This Time Self-Hosted
dark mode light mode Search

Pambase is not that free

You probably know that I’m the PAM maintainer of Gentoo Linux, for good or bad (mostly bad, given that I don’t use most of its features, which I have to maintain nonetheless,). To ease my own work when trying to track down what users have been up to during bug triage, I created a package called pambase providing USE flags to enable standard configurations for particular, commonly used, modules.

This package got even more useful when we started having the need for particular features to integrate with our default stacks, for the users to be able to properly use them, like ConsoleKit and Gnome-Keyring, and to upgrade the hashing function to something less broken than MD5.

Now, all in all, I’m pretty happy to how pambase shaped up, it’s quite usable and I can easily make use of it to handle things like blowfish via xcrypt if wanted. Today I, indeed, received a request for pam_abl integration — well, the request was misdirected toward OpenSSH and the provided patch was totally bogus as it only added a nasty dependency, but the idea behind it is quite reasonable.

Now, we get back to the title: “pambase is not that free” does not have to do with the licenses related to pambase (which as far as I know are all well compatible) but rather with the work that goes behind it, for me and – much more – for the arch teams.

Adding support for a new (optional) module into the pambase package makes that module enter the system set; this is why, for instance, a good part of GNOME can now be considered part of the system set. You have to understand that even if it might not be in your system set, or in the default system set for what matters, the packages have to be carefully considered to not break if they are part of the possible system set, via optional USE flags as well.
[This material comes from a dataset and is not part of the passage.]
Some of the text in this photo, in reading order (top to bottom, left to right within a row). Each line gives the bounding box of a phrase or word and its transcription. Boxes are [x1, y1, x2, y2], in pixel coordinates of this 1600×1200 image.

Adding gnome-keyring to that possible system set added a whole lot of branches in there.

Packages in the possible system set tree have to be paid special attention to: you cannot assume the presence of the entire system set for them, so things like zlib and bison have to be added to the dependencies of the ebuild (this is needed for the depgraph to be drawn correctly). Also, packages that are added to pambase need to be ready to go stable: if I were to add xcrypt or pam_abl to the possible dependencies of pambase, we got to be able to mark those two stable at some point in time.
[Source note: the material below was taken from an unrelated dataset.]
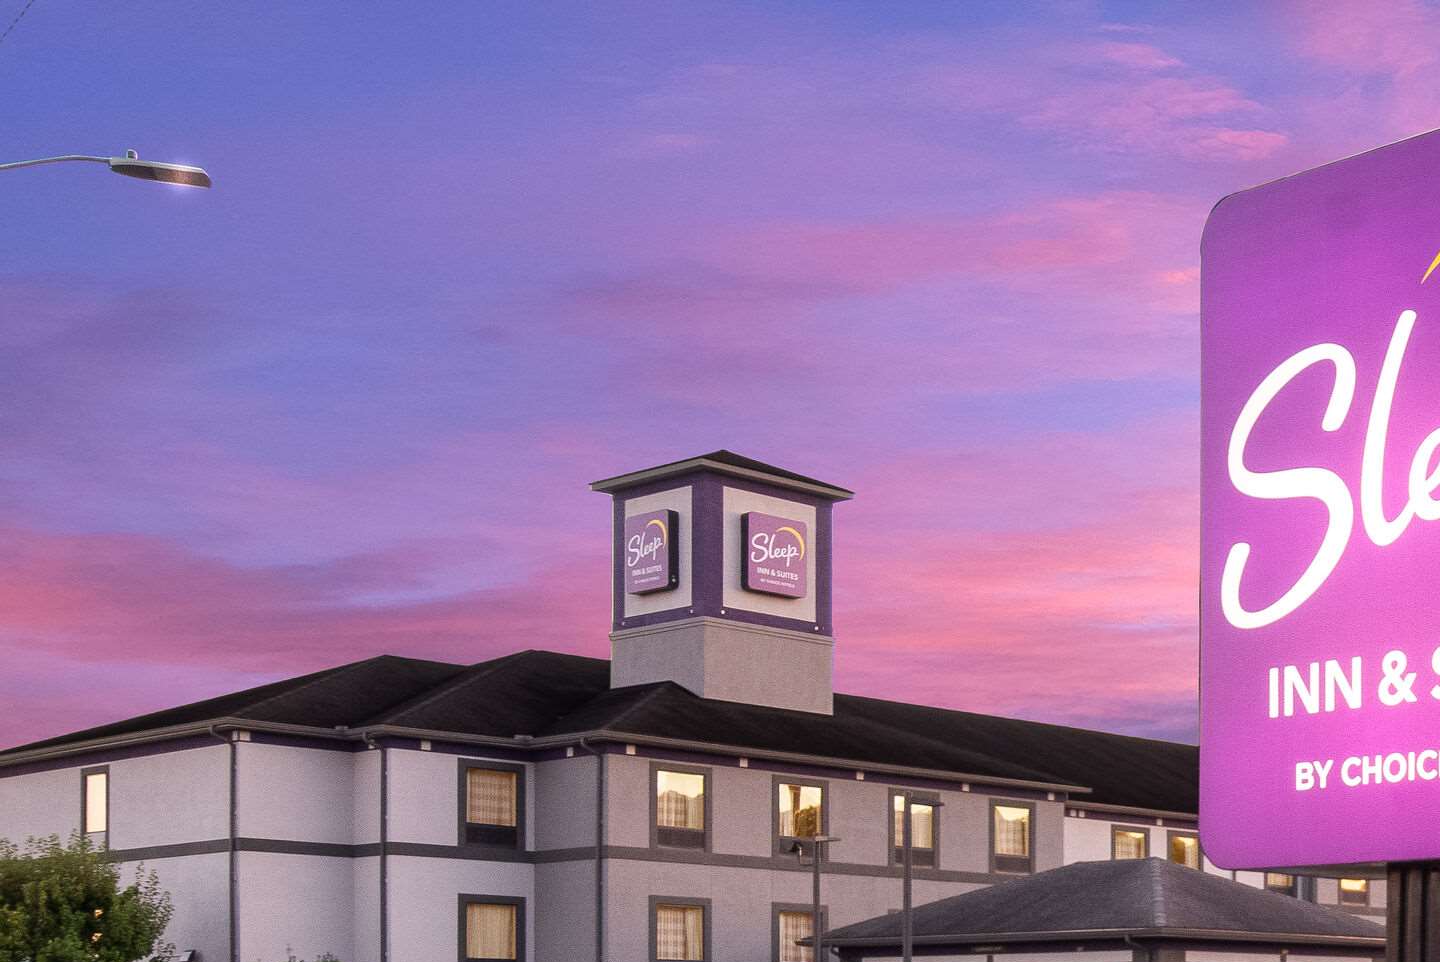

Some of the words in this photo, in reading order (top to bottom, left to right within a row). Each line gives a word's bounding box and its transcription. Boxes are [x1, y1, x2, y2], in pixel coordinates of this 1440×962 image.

This also adds quite a bit of burden to the maintainers of those packages, as the package will now be scrutinized much more deeply, and used by many more users (since they won’t need to know how to configure PAM to enable them).

Am I just ranting here? No I don’t think so; I just think I might have taken the wrong approach with pambase, and I’d like to see if other users have suggestion on which alternatives we could have. I guess something similar to what is done to fontconfig could be useful: get each module to provide some configuration files in, say, /usr/share/pambase/ and then have an eselect module to turn on and off the configurations.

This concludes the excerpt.